Os clientes do requerente encontravam-se, no momento da interferência, privados da sua liberdade e sob custódia de agentes policiais. Assim, a possibilidade da sua correspondência ser interceptada não pode ser totalmente descartada, mas só deverá ocorrer perante a existência de fundadas suspeitas da prática de facto ilícito.
O agente policial em causa actuou com o intuito de impedir um qualquer ato ilegal ou perigoso. Contudo, o Governo não fundamentou porque motivo a troca de tais notas levantava fundadas suspeitas da pratica de crime. Acresce ainda que o requerente, sendo advogado, não tentou ocultar dos agentes policiais a entrega destas notas aos seus clientes, o que reforça a ideia de que não existiriam fundadas suspeitas da prática de facto ilícito, pelo que tal intercepção não era justificada.
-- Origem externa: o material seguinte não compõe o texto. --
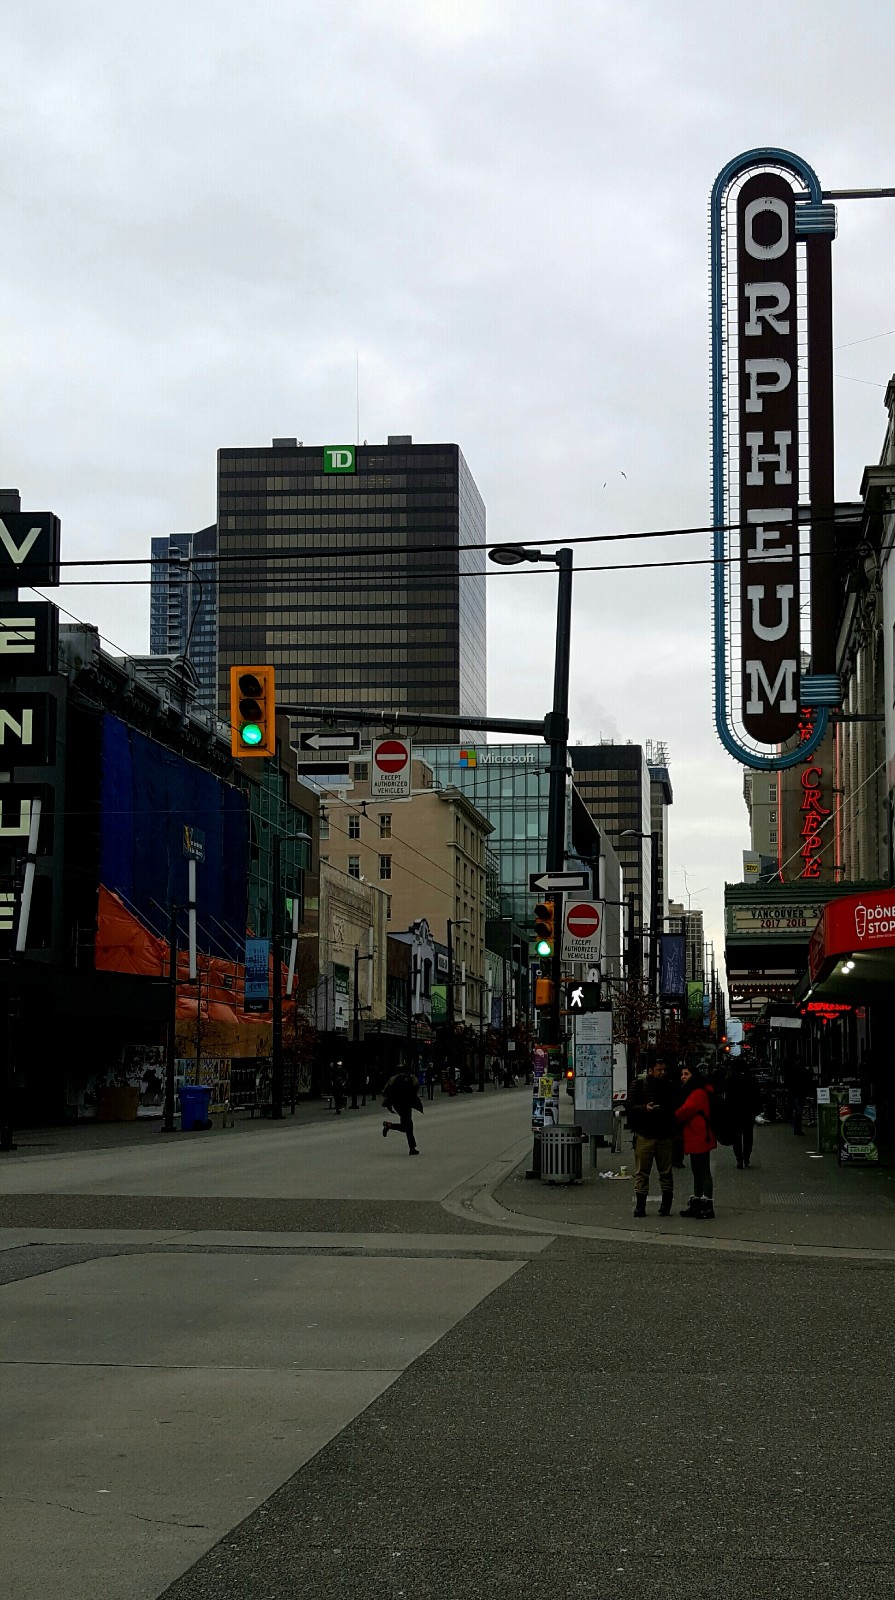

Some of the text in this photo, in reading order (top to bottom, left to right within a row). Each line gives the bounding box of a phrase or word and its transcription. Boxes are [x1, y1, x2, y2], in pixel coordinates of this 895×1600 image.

[325, 449, 354, 469] TD
[744, 195, 798, 715] ORPHEUM
[479, 752, 536, 764] Microsoft
[751, 909, 804, 919] VANCOUVER
[760, 918, 807, 928] 2017 2018
[868, 920, 895, 933] STOP
Por outro lado, sempre seria irrelevante o conteúdo dos documentos intercetados, uma vez que diziam respeito a questões confidenciais entre advogado e cliente.
Assim, a intercepção leitura da correspondência trocada entre o requerente, na qualidade de advogado, com os seus clientes não foi justificada por qualquer “necessidade social imperiosa”, pelo que não era necessária numa sociedade democrática.
Artigo 41º: não foi atribuída indemnização por danos não patrimoniais por se considerar que a constatação de violação é reparação suficiente.